風向き、よし! ~ヒナセ基地定期報告書01~

第二景 ヒナセとアサカ、そして艦娘たち

 扉を開けて体を廊下へ出し、くるりと半回転。「失礼します」と部屋の中の上司に一礼してから扉を閉めた。はぁ、と盛大なため息を漏らして、手を体の前で組み、手のひらを返してぐぐぐぐ…っと押し出す。
 手の甲よ、自分の体から出来るだけ遠く行ってしまえ。
 そんな気分。
 さらに、突き出した腕を組んだまま、今度は天井に向かって押し上げる。
 思いっきり伸びをすれば、少々痛いが気持ちいい。
 とにかく肩が凝ったし、体中が強ばっている気がする。
 今の基地に着任するまで、実はヒナセはアサカの副官《秘書》と幕僚を合計で十数年やっていた。だから直接話をしたからといって、緊張するようなことは、まったくない。
 腹の探り合いをしながら会話するのは日常茶飯事化していたしていたし、お互い手の内を完全に見せるようなこともしない。信頼関係で繋がった上司と部下というよりは、相手にこちらの弱みを握られないようにしながら、いかにして相手を煙に巻き、自分の主張を通すかという、緊張感が溢れすぎている関係。でも相手のことは尊重しているし信用もしている。それはたぶん、あちらも同様に。
 そんなわけで、今日の会見も通常運行。会見の最後にアサカのデスクの引き出しからチョコレート菓子の小袋が出てきて、ありがたくもらっちゃうのも通常運行。
 じゃ、なぜ体中が凝ってる気がするかと言えば、アレだ。
 盗聴とか盗撮とか……。
 どこかに仕掛けられているかもしれないし、仕掛けられていないかもしれない。
 そんな、あるのかないのか分からないものを意識しながら、いつもの会話を演じ続けることは、ナカナカ素敵なストレスとなる。あの部屋でずっと仕事を続けているアサカ中将の精神力は大したものだとつくづく思う。空母用の係留ロープかなんかでできているかもしれない。
 組んだ腕をさらに右に左に…とぐるぐる回して伸びを続けた。何も知らない人が見たら、次長執務室前で何をやってるのか? と訝しまれそうである。だが、ヒナセがひととおりの動作を終えるまで、誰ひとりとしてこの部屋の前と周辺の廊下を、歩いてくる人も艦娘もなかった。
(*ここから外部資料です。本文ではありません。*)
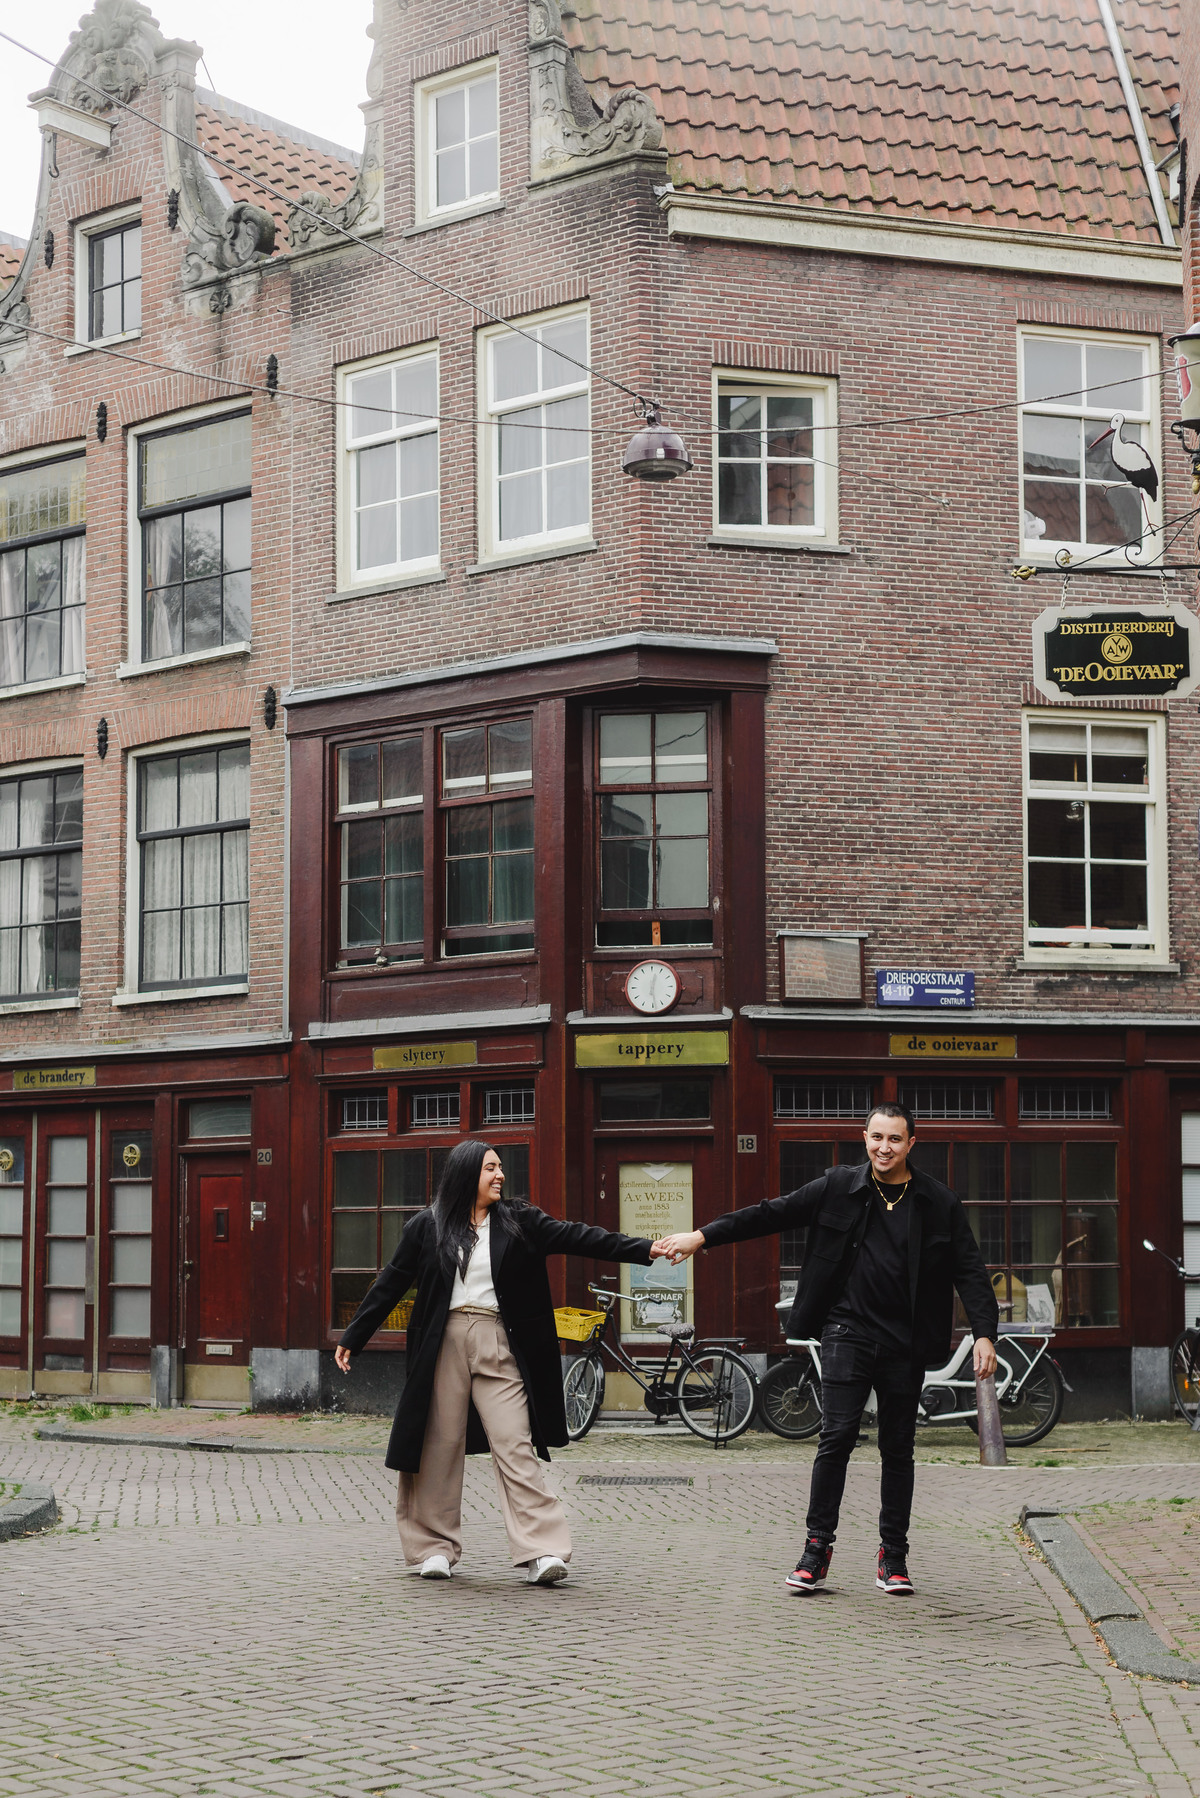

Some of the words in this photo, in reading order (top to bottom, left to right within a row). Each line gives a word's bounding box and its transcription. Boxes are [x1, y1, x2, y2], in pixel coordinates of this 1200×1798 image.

[1060, 622, 1175, 637] DISTILLEERDERIJ
[886, 972, 966, 985] DRIEHOEKSTRAAT
[880, 985, 914, 997] 14-110
[940, 997, 966, 1005] CENTRUM
[908, 1036, 926, 1050] de
[932, 1037, 998, 1051] ooievaar
[402, 1048, 446, 1065] slytery
[618, 1043, 684, 1059] tappery
[23, 1072, 36, 1084] de
[39, 1069, 86, 1085] brandery
[739, 1138, 754, 1150] 18
[257, 1151, 272, 1162] 20
[644, 1191, 684, 1202] WEES
日頃の行いがいいと、こういった小さな幸運に恵まれる仕様に、世の中はなっている。
 左手で右肩を押さえ、右腕を九十度に曲げた状態でぐるぐると回しながら、ヒナセは歩き始めた。
 行き先は隣の棟にある、艦娘の控え室である。

 艦娘たちは、提督同士の会見に立ち会うことを基本的に禁止されている。情報漏洩を防ぐためだ。同名同型艦は外見がまったく同じで、自分の所有艦同士ですらぱっと見で間違うことがある。昔はそれを悪用した情報漏洩が絶えない時期があったらしい。なので、基地内であっても、そのあたりで適当に待たせておくことは禁止されている。
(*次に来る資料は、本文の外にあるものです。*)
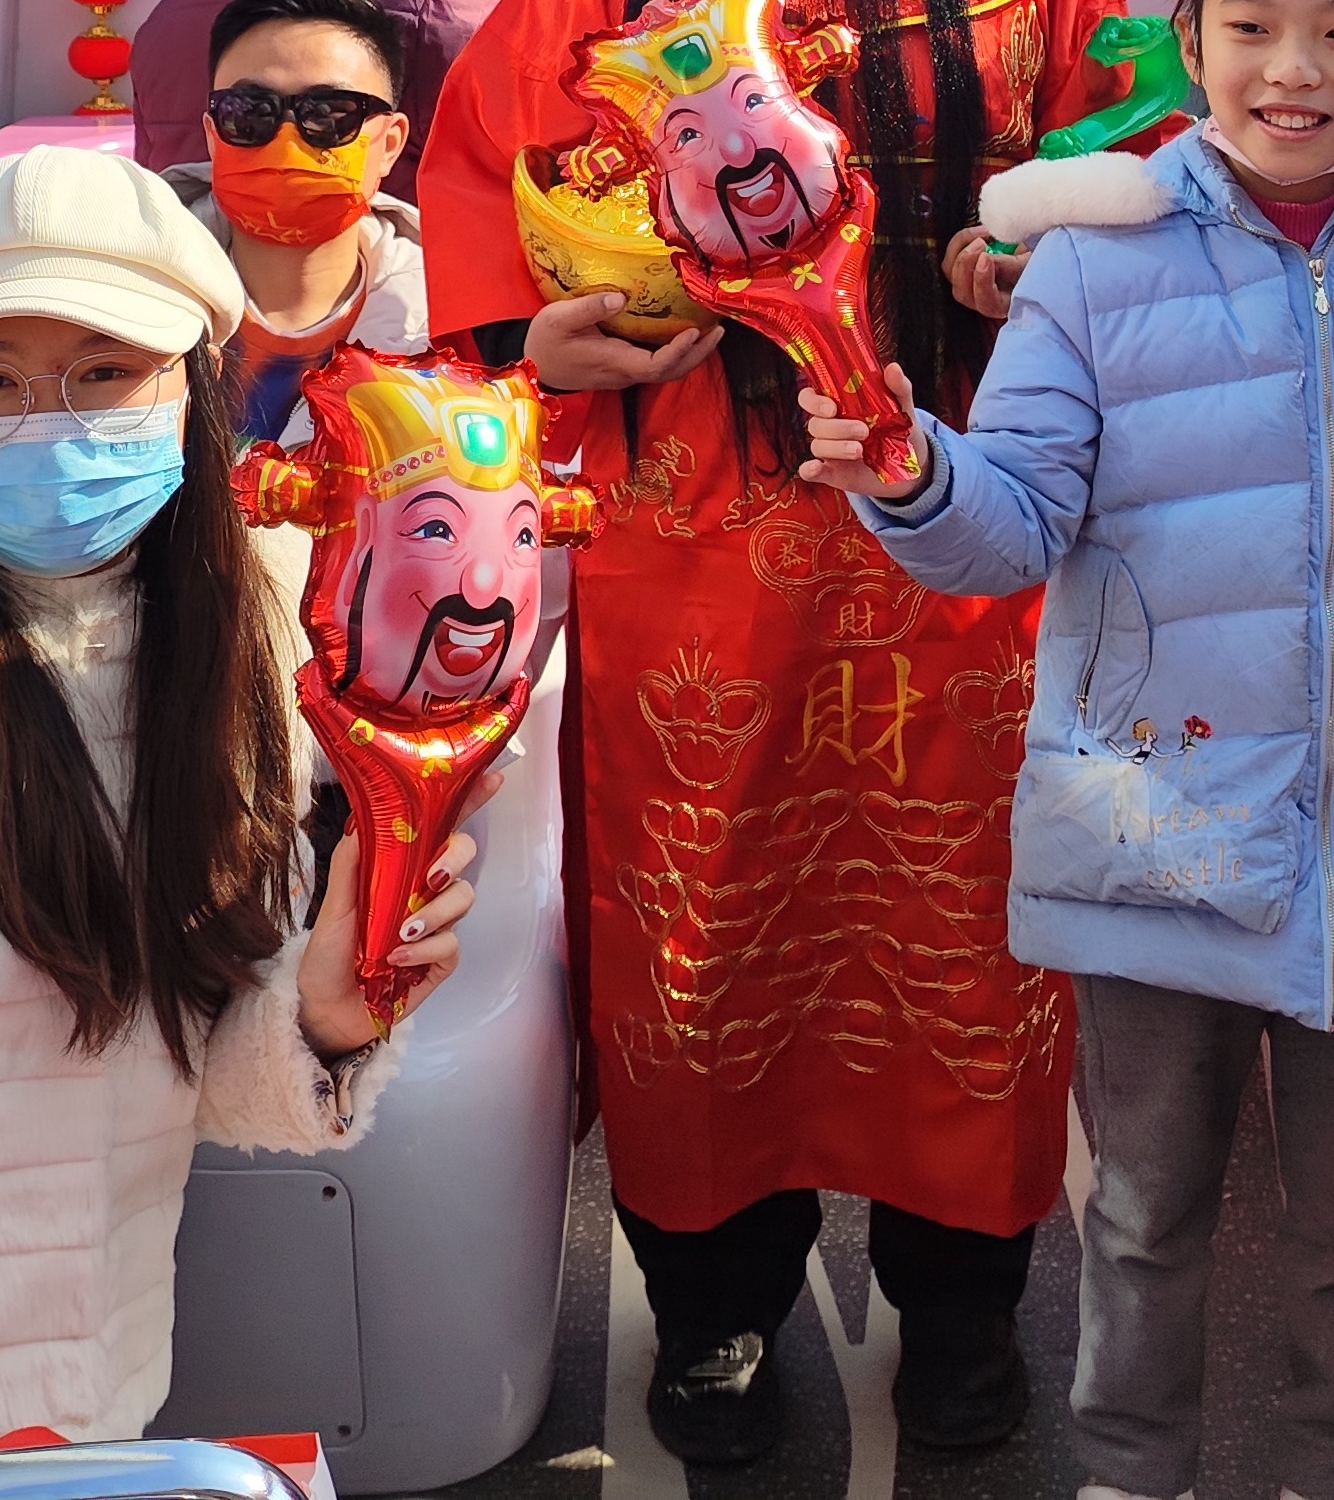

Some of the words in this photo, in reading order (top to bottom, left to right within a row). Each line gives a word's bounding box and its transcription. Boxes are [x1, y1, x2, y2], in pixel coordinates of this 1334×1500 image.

[834, 600, 876, 638] 財
[784, 652, 925, 787] 財
[1143, 803, 1251, 837] ream
[1145, 841, 1244, 892] castle
 提督が他基地に行く際は、かならず同行の艦娘全員をその基地にあらかじめ報告しておき、基地に入る際に全員を同行して報告書に間違いがないか変更はないかを確認された上、変更がある場合は書類を書き直し、あらためて許可が出るまで、別室に入れられて延々と待たなければならない。ヒナセが任されているところのように提督がひとりないしは数人しかいず、どの艦娘が誰の所有艦かがはっきりしているような小さな分基地ならいざ知らず、規模が大きな基地や泊地そして鎮守府では、そのくらい艦娘の出入りにナーバスになる。
 人の形こそしているが、軍内では艦娘はあくまでも兵器だ。きちんと管理をしておく必要がある。ただ、この“兵器”には思考能力と一部抑制されてるとはいえ感情がある。それが問題を難しくしている。
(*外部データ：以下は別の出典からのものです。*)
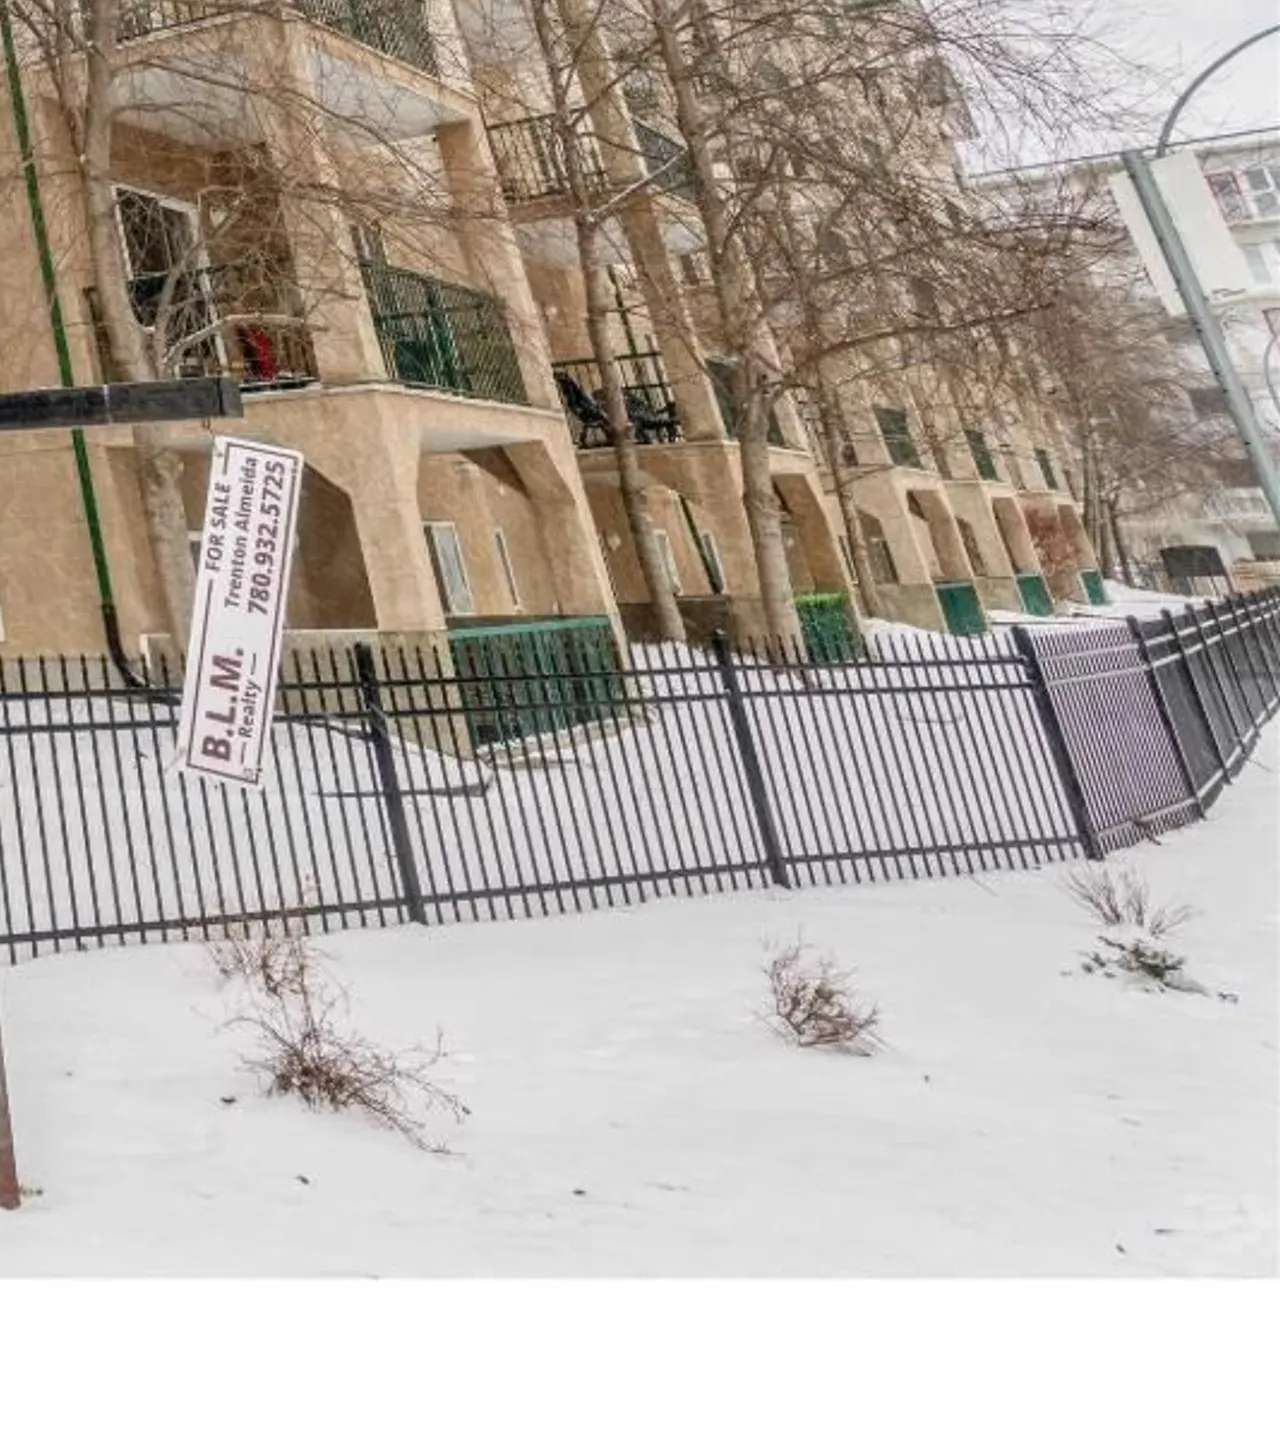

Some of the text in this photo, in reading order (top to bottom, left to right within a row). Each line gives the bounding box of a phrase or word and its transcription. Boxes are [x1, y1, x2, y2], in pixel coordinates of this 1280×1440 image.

 さらに、提督たちが会議や所用で他所の基地等に赴く場合、ほとんどが所有艦を使う。その時々の秘書艦である場合が多いようだ。移動に艦を使わなければいいのだが、なにせ海軍だ。基地のほとんどは海に面しているし、大きな基地の高級士官ともなれば体面もある。提督の護衛の観点から言っても、武装設備のある艦を使用するのは理にかなっている。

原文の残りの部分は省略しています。